We allowed the new residents to move in uninterrupted, as I would have liked them to be settled and focused when I sent over the brochure of gift baskets for them to choose from to give to me. Unfortunately, the day I was to send my publicist over, my live-in annoyance, Mommy Dearest, RUINED EVERYTHING.
Mother lives in the servants' quarters in my McMansion and decided to go outside without permission. She was putting something in the garbage can like a peasant and noticed the neighbors working on cars in the driveway. She approached like a tiger, slow and slinking but pouncing at the last second, uttering a terrible phrase I will never forget, "Hi, I'm Jan. I live next door."
The absolute nerve.
The new neighbor glanced at her for a second, said a quick, "Hi," and went back to working on his car. Mother stood there for a few moments, receiving no further acknowledgement, and finally walked off. Later, when my footballer husband was outside surveying a garden project, he attempted to introduce himself as well, and received a mere grunt. These two events destroyed my chance at becoming even more famous. At first I assumed these people would merely become my devotees, but from how they acted, it's clear they must be super famous people themselves and now we'll probably never snort coke off of a model together or anything!

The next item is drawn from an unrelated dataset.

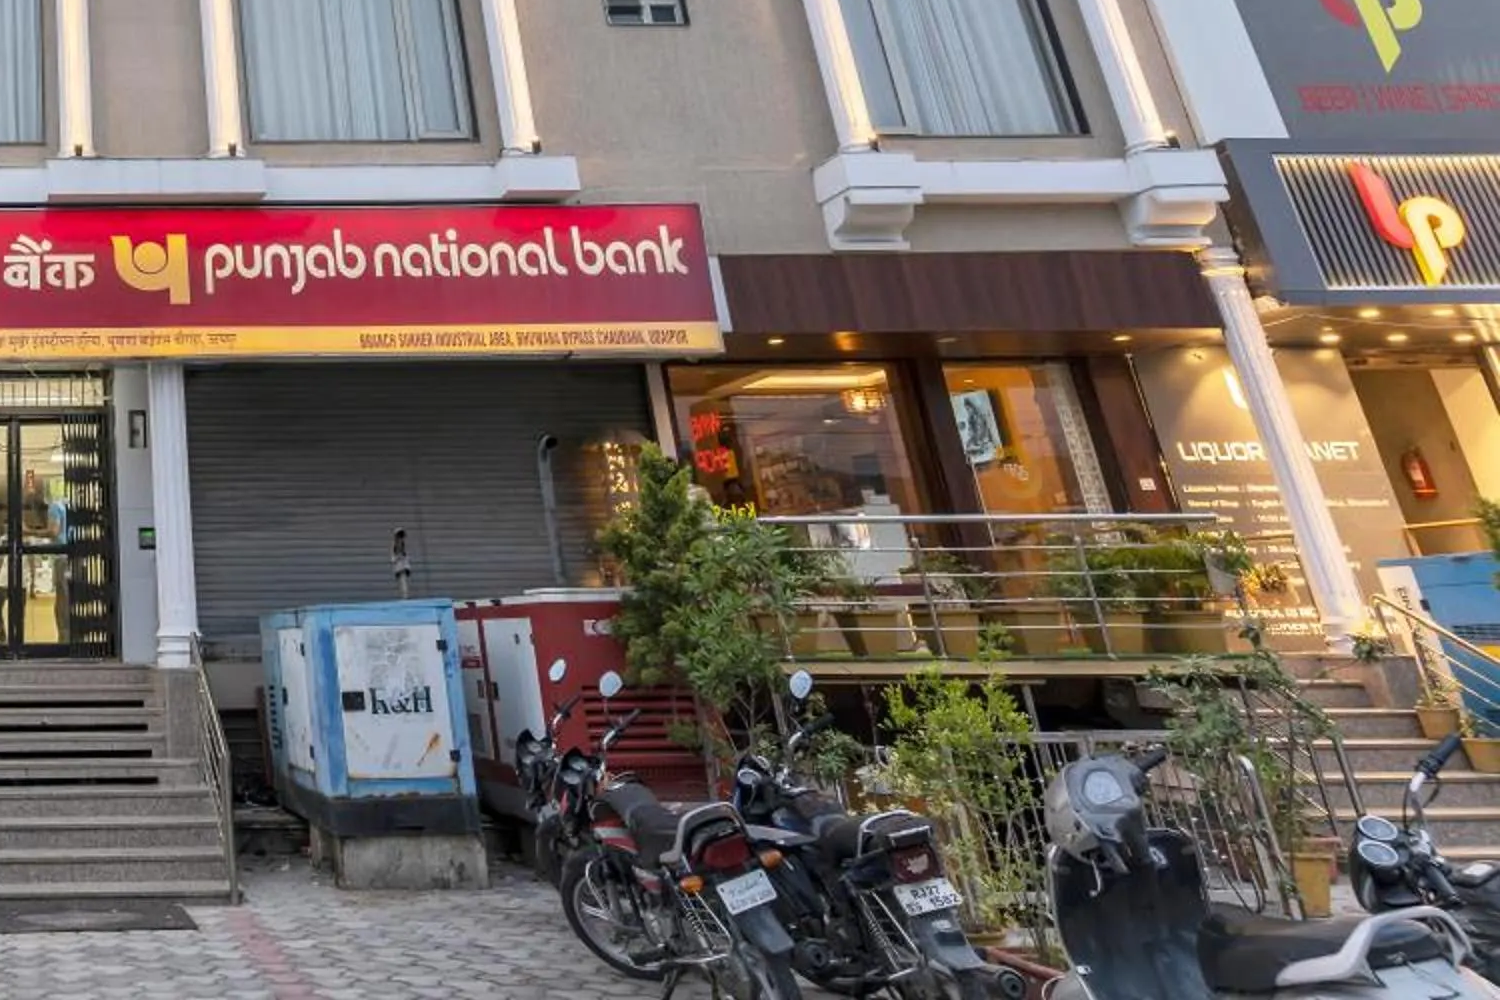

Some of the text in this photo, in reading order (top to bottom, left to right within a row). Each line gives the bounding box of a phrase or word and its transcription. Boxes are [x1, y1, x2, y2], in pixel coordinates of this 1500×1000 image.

[3, 233, 95, 291] बैंक
[205, 224, 688, 294] punjab national bank
[1177, 441, 1268, 464] LIQUOR

I ventured outside to supervise* my husband's gardening supervision and looked over to the neighbors' house. The woman that lived there was now outside as well. She barely glanced at me in her chain smoking session; she was too busy associating with the male resident and a friend that came over wearing pajamas at two in the afternoon. When they were finished working on the cars, smoking, and listening to the baby wailing from inside the house, they hastened to disappear back into the domicile so I couldn't recognize them and call TMZ.
I can only assume their standoffishness was due to how famous they are, combined with how old fashioned my mother is. Back in the day, when you moved into an established neighborhood where most of the residents know each other, you'd welcome the new neighbors and everyone would introduce themselves. People used to like knowing who their neighbors were, so they could be friendly and look out for each other. Sadly, some of the other older residents on my street still insist on saying hello to me when they walk past. They even want to have whole conversations. The worst is when we actually step foot into each others' houses. I'm so sad these old neighbors haven't gotten the memo. Get with the now, people.
If my mother had listened to me, she would've known how to approach our new superstar neighbors: on hands and knees, eyes averted, pushing a carton of cigarettes along with her nose. When given permission to rise, she would then curtsy and kiss their rings. At that time, she'd then give them my publicist's card and she'd receive theirs in return. Someone's people would call someone's people, and then a few days later we'd be waking up in an infinity pool in Vegas, surrounded by champagne bottles and vomit. Now none of it will EVER HAPPEN. Now they will never know how super cool I am and we will never sext nudes to each other that will end up on The Dirty. They will never know what they are missing. I'm sorry. I'm just so SO sorry, new celebrity neighbors.
*If you are approached by someone insisting they have pictures of us digging up a stump, don't believe them. It's a lie!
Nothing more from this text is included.